** What the exercise asks **
Below are records to return verbatim; the pictures are to be dropped.

-*-

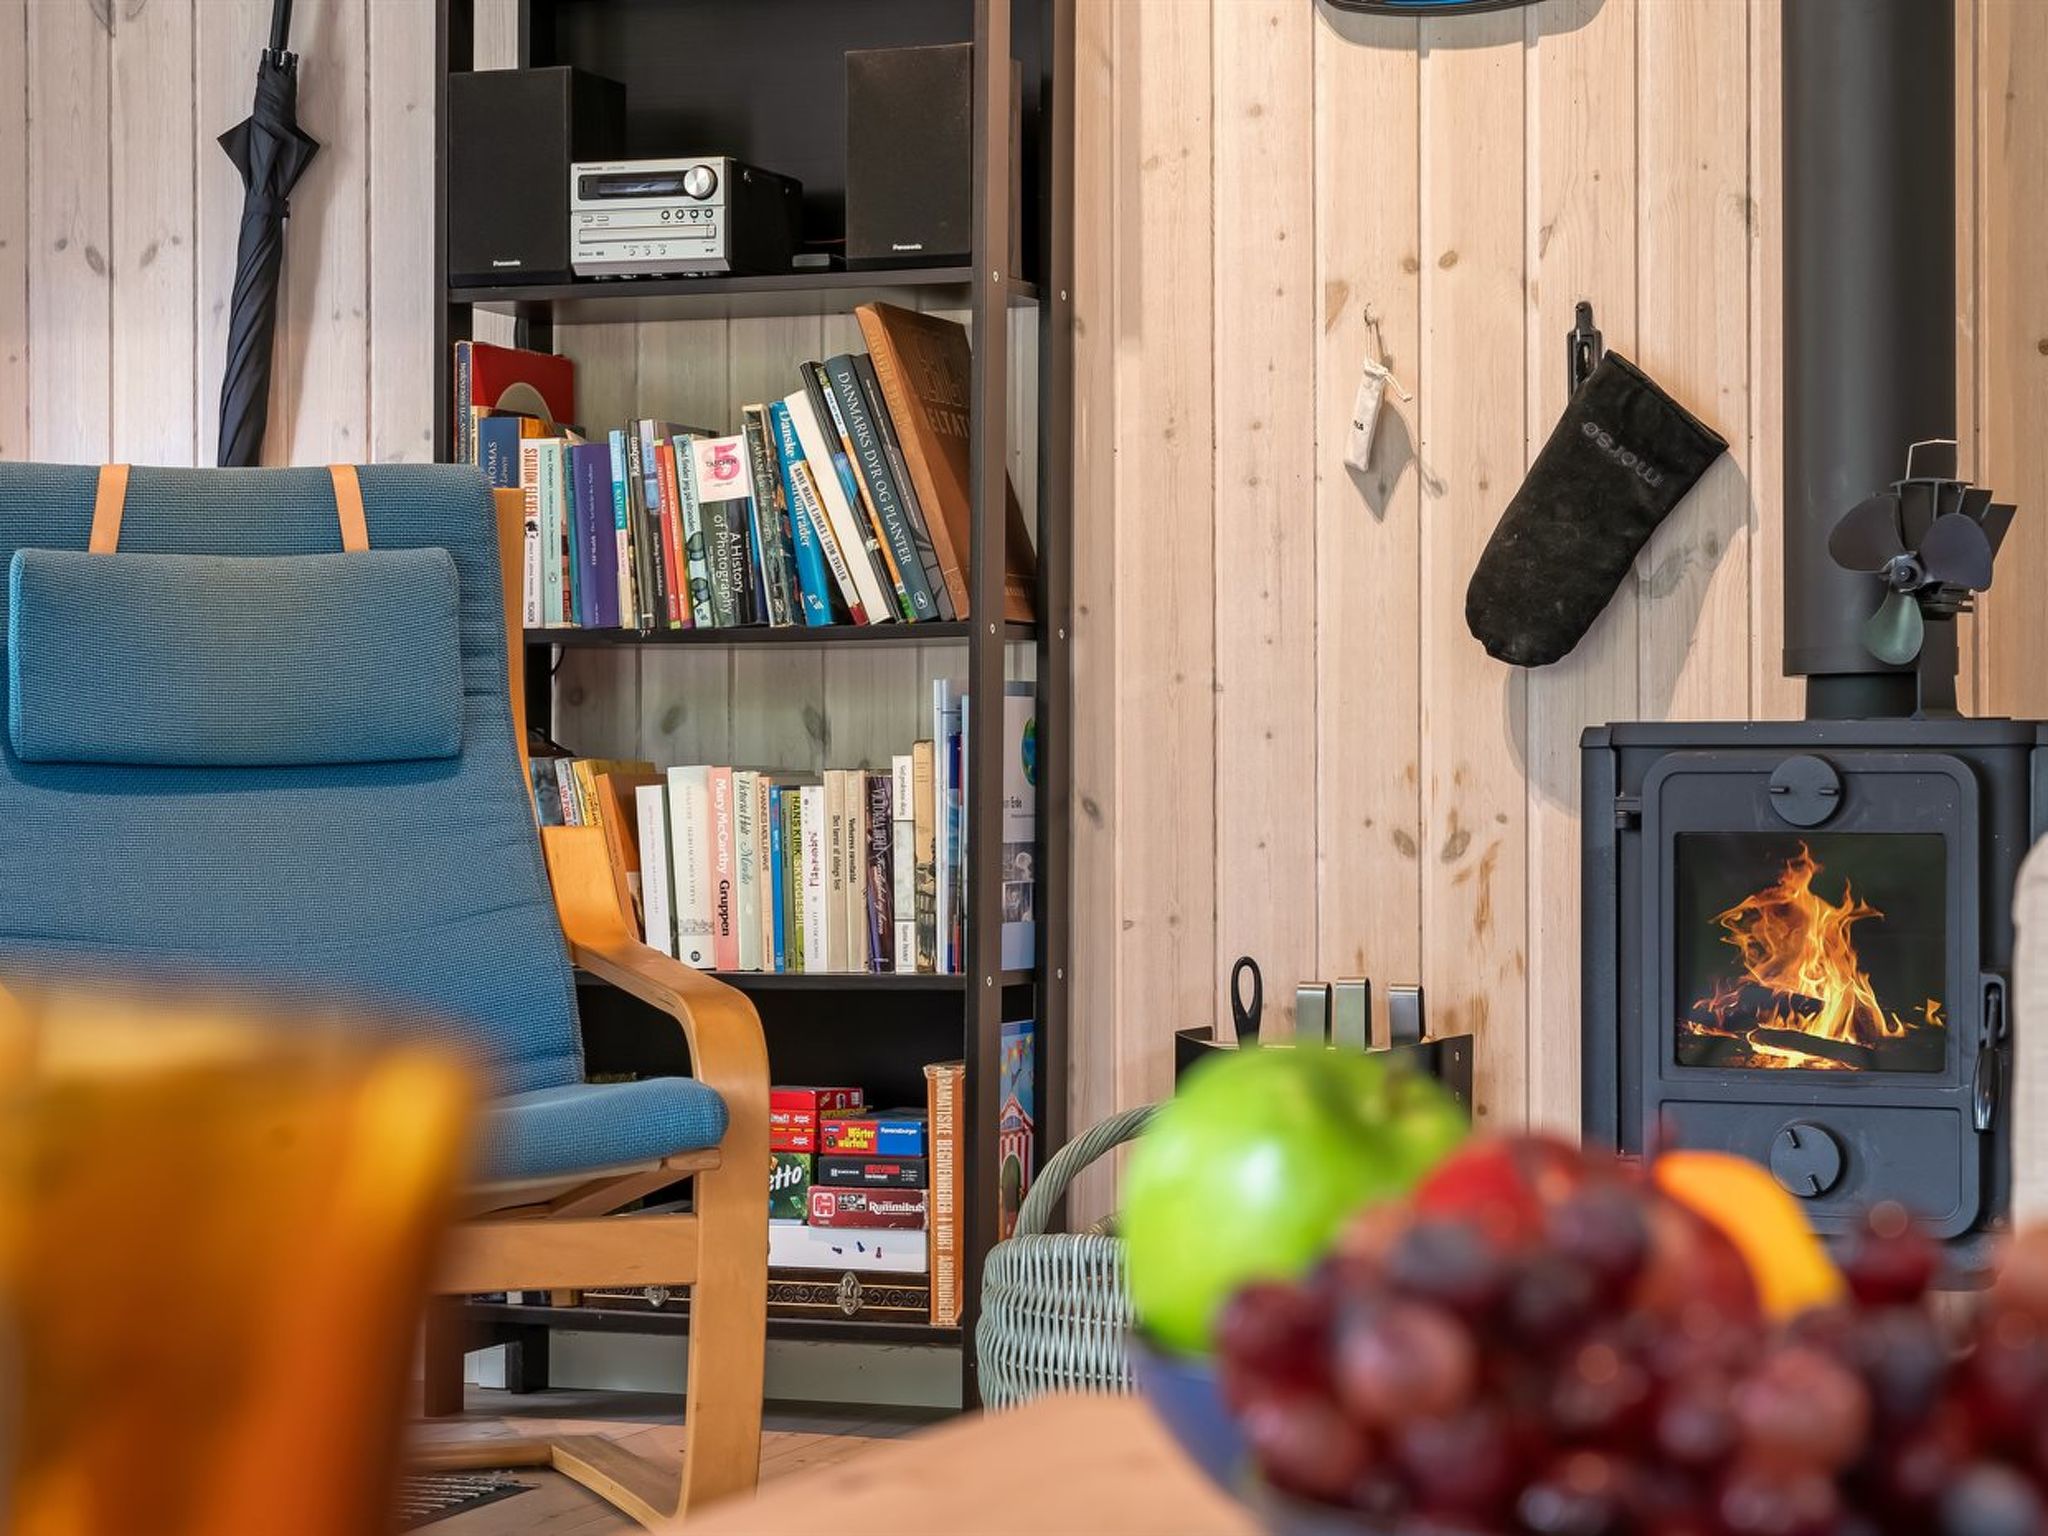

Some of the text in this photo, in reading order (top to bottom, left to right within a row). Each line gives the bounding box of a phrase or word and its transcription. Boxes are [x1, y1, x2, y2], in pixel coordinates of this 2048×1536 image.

[835, 370, 873, 448] DANMARKS
[778, 409, 795, 457] Danske
[862, 448, 884, 479] DYR
[524, 448, 540, 518] STATION ELEVEN
[873, 478, 892, 503] OG
[882, 503, 914, 564] PLANTER
[713, 514, 734, 614] of Photography
[729, 531, 744, 593] A History
[737, 779, 750, 814] Victoria
[758, 781, 767, 823] JOHANNES
[791, 796, 801, 826] HANS
[739, 813, 752, 836] Holt
[872, 787, 888, 852] VICTORIA HOLT
[714, 777, 730, 936] Mary McCarthy Gruppen
[792, 828, 802, 856] KIRK
[936, 1067, 953, 1136] DRAMATISKE
[838, 1136, 868, 1149] würfeln
[847, 1127, 875, 1139] Wörter
[880, 1127, 917, 1135] Ravensburger
[936, 1139, 953, 1214] BEGIVENHEDER
[869, 1201, 925, 1215] Rummikub
[937, 1224, 953, 1251] VORT

-*-

** Response to the exercise **
Some of the text in this photo, in reading order (top to bottom, left to right within a row). Each line gives the bounding box of a phrase or word and its transcription. Boxes are [x1, y1, x2, y2], in pixel coordinates of this 2048×1536 image.

[835, 370, 873, 448] DANMARKS
[778, 409, 795, 457] Danske
[862, 448, 884, 479] DYR
[524, 448, 540, 518] STATION ELEVEN
[873, 478, 892, 503] OG
[882, 503, 914, 564] PLANTER
[713, 514, 734, 614] of Photography
[729, 531, 744, 593] A History
[737, 779, 750, 814] Victoria
[758, 781, 767, 823] JOHANNES
[791, 796, 801, 826] HANS
[739, 813, 752, 836] Holt
[872, 787, 888, 852] VICTORIA HOLT
[714, 777, 730, 936] Mary McCarthy Gruppen
[792, 828, 802, 856] KIRK
[936, 1067, 953, 1136] DRAMATISKE
[838, 1136, 868, 1149] würfeln
[847, 1127, 875, 1139] Wörter
[880, 1127, 917, 1135] Ravensburger
[936, 1139, 953, 1214] BEGIVENHEDER
[869, 1201, 925, 1215] Rummikub
[937, 1224, 953, 1251] VORT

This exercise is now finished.